Natural Numbers

Natural numbers are numbers that follows Peano axioms.

Peano Axiom

1. 1 is a natural number.
2. If \(n\) is a natural number then \(n++\) is also a natural number.
3. 1 is not a successor of any natural number. Hence, \(n++\neq 1\) for every natural number \(n\).
4. For two natural numbers \(m\) and \(n\): if \(m\neq n\) then \(m++\neq n++\) or if \(m=n\) then \(m++=n++\).
5. Principle of mathematical induction: Let \(P(n)\) be any property pertaining to natural number \(n\). Suppose that \(P(1)\) is true and suppose that whenever \(P(n)\) is true, \(P(n++)\) is also true. Then \(P(n)\) is true for every natural number \(n\).

Operations of Natural numbers

From Peano Axioms only one operation (i.e. increment) is defined on natural number. The repeated application of this operation can used to define other operations on natural numbers like addition and multiplication.

Addition

Definition: For a natural number \(m\), we define \(m++ = m+1\) and by induction if this addition operation can be defined for \(n++\) as \(m+n++ = (m+n)++ = m+(n+1)\)
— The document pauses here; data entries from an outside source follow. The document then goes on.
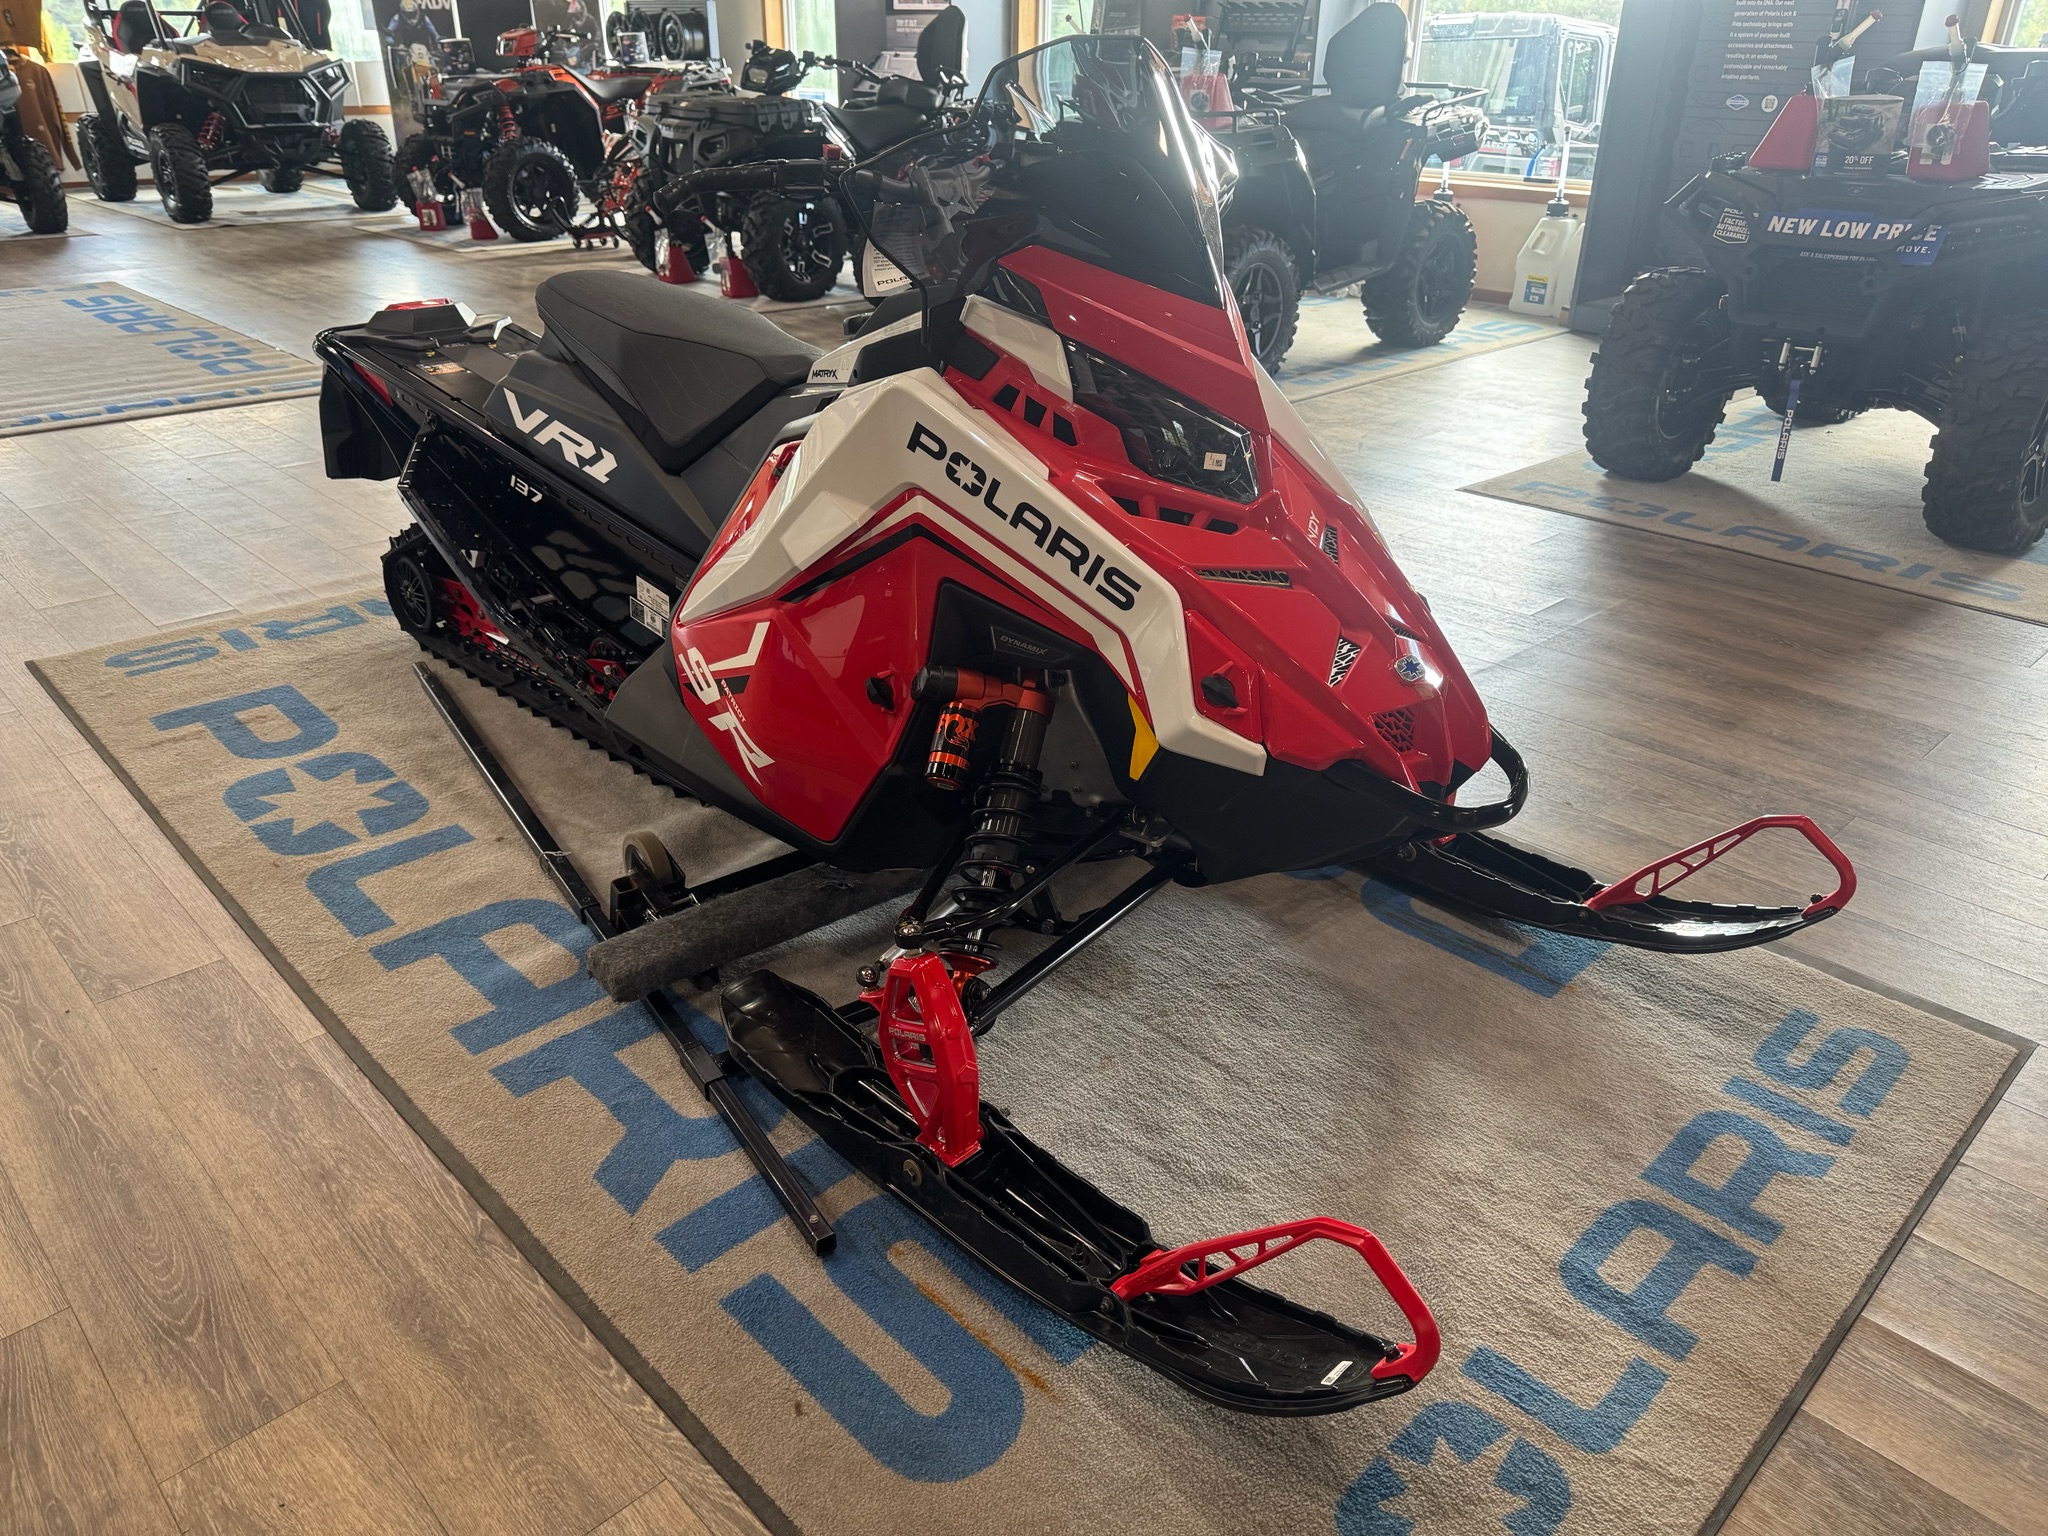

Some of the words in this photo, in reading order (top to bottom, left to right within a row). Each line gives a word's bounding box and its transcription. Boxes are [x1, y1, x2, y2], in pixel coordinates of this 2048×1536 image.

[1860, 156, 1874, 164] OFF
[1716, 223, 1750, 234] AUTHORIZE
[1716, 230, 1748, 240] CLEARANCE
[1767, 215, 1818, 236] NEW
[1820, 219, 1870, 240] LOW
[1814, 252, 1850, 260] SALESPERSON
[812, 369, 838, 380] MATRYX
[503, 387, 618, 484] VR1
[1777, 409, 1794, 460] POLARIS
[510, 474, 544, 502] 137
[906, 421, 1142, 611] POLARIS
[1512, 480, 2026, 603] POLARIS
[1000, 636, 1048, 655] DYNAMIX
[720, 678, 747, 722] PATRIOT
[888, 1026, 926, 1042] POLARIS
[1334, 1010, 1911, 1536] OLARIS
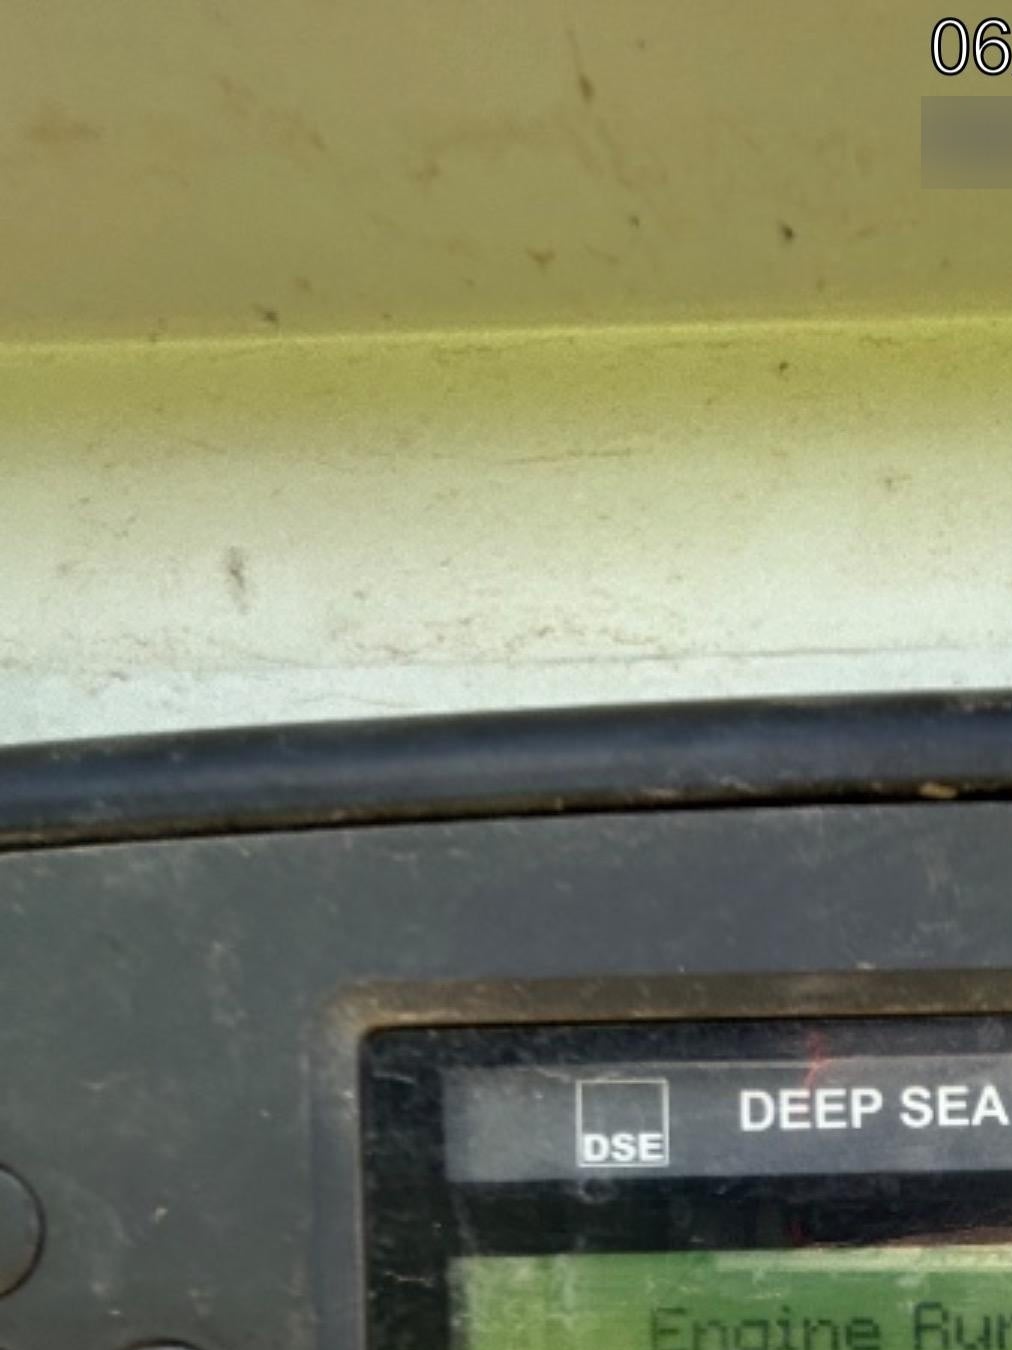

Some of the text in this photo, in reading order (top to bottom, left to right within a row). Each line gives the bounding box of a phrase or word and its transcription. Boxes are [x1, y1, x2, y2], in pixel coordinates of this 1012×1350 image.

[738, 1086, 884, 1133] DEEP
[899, 1083, 1009, 1128] SEA
[581, 1131, 664, 1163] DSE
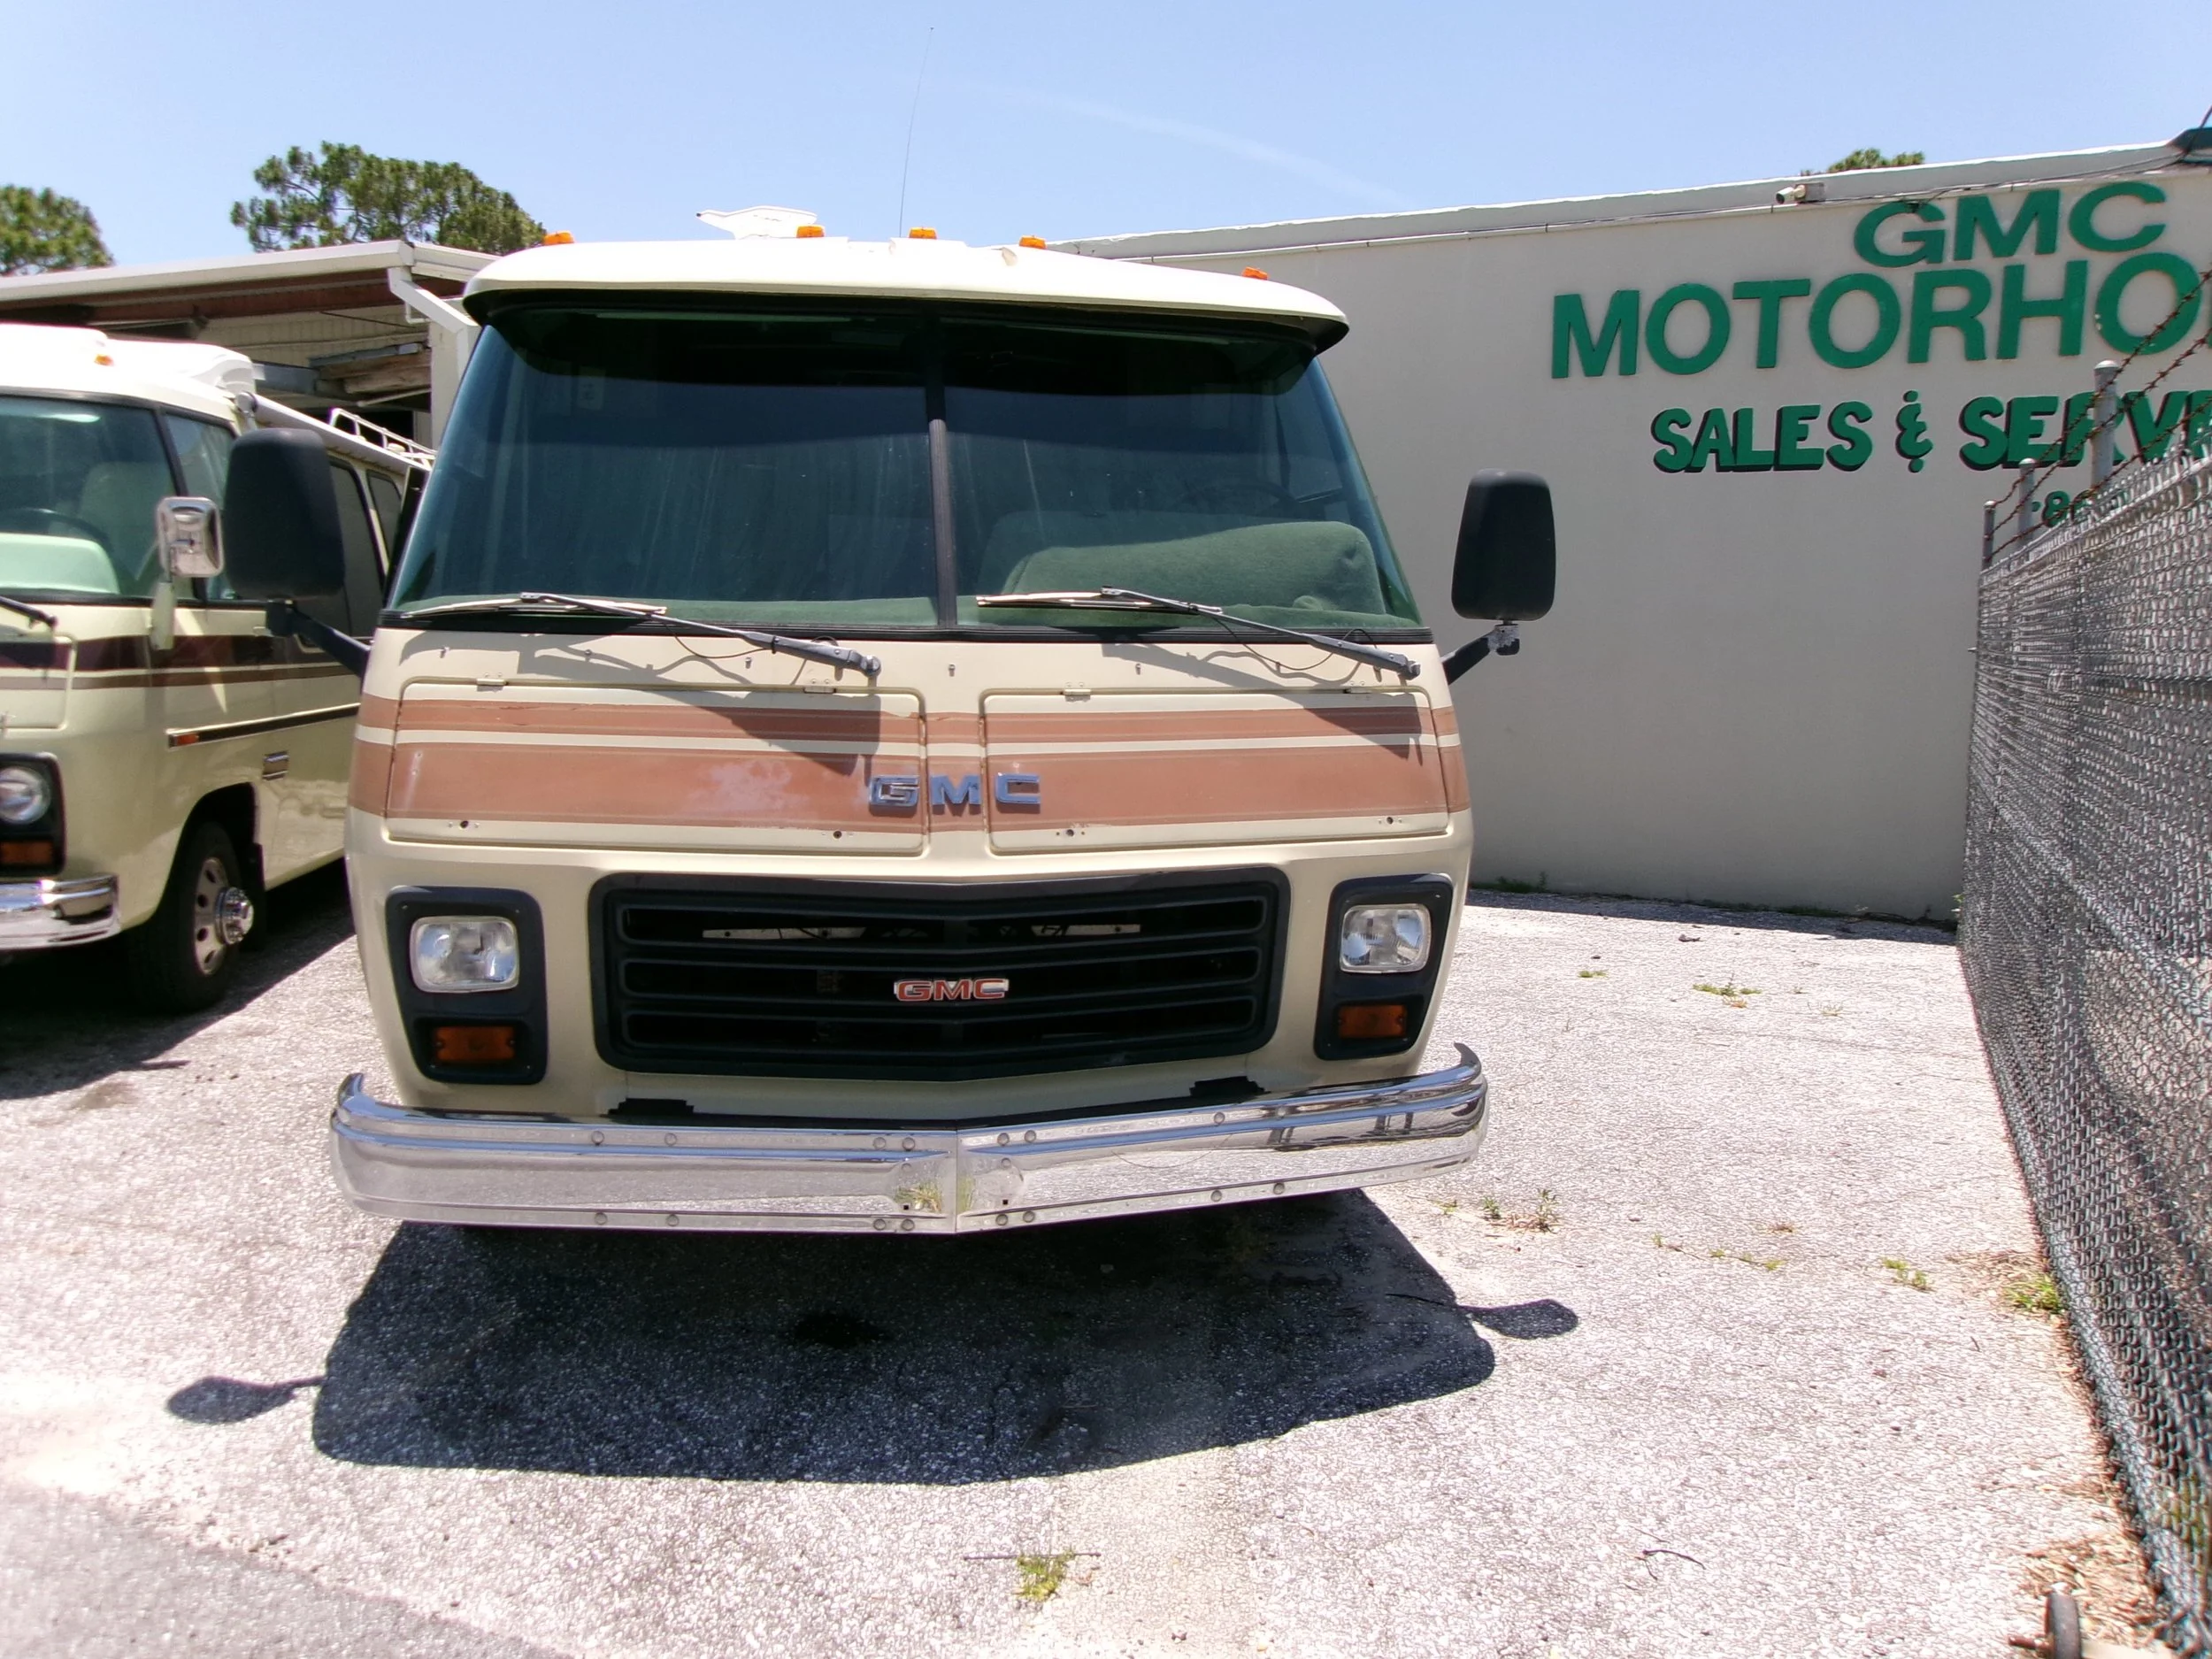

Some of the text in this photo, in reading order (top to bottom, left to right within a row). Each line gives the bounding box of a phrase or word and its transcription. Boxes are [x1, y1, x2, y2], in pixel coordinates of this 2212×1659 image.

[1854, 181, 2167, 268] GMC
[1551, 251, 2212, 379] MOTORHO
[1650, 401, 1874, 473] SALES
[1894, 390, 1934, 473] &
[869, 772, 1041, 807] GMC
[894, 978, 1010, 1002] GMC
Based on this definition of addition, following properties of addition can be established:

1. Addition is commutative. i.e. \(n+m = m+n\)
2. Addition is associative. i.e. \((a+b)+c = a+(b+c)\)
3. Cancellation law: if \(a+b=a+c\), then \(b=c\).

These properties can be proved by using principle of mathematical induction (the last Peano axiom). Moreover, the operation of addition also lead to ordering in natural number.

Definition of zero and whole number

Zero (written as 0) is a number whose successor is 1 and for any natural number \(a\), \(a+0=a\). If we include 0 in the set of natural number then the set is called whole number.

Ordering of natural numbers

Definition: Let \(n\) and \(m\) are natural numbers. We say that \(n\) is equal or greater than \(m\) and write it \(n\geq m\) (or \(m\leq n\)), iff we have \(n=m+a\) for some whole number \(a\). We say that \(n\) is strictly greater than \(m\) (written as \(n>m\)) iff \(n\geq m\) and \(n\neq m\).

Using mathematical induction, following properties of ordering in whole numbers can be established (\(a\), \(b\), and \(c\) are whole numbers):

1. Order is reflexive. \(a\geq a\)
2. Order is transitive. If \(a\geq b\) and \(b\geq c\), then \(a\geq c\).
3. Order is anti-symmetric. If \(a\geq b\) and \(b\geq a\), then \(a=b\).
4. Addition preserves order. If \(a\geq b\), then \(a+c \geq b+c\).
5. \(a<b\) iff \(a++\geq b\).
6. \(a<b\) iff \(b = a + d\) for some natural number d.

Proposition 1: Trichotomy of order for whole numbers: If \(a\) and \(b\) are whole numbers then exatly one of the following statements is true: \(a<b\), \(a=b\), or \(a>b\).

Proposition 2: Strong principle of mathematical induction: let \(m_0\) be a whole number, and let \(P(m)\) be a property pertaining to an arbitrary whole number \(m\). Suppose that for each \(m\geq m_0\), we have the following implication: if \(P(m')\) is true for all natural numbers \(m_0\geq m' \geq m\), then \(P(m)\) is also true. (In particular, this means that \(P(m_0)\) is true, since in this case the hypothesis is vacuous.) Then we can conclude that \(P(m)\) is true for all natural numbers \(m\geq m_0\).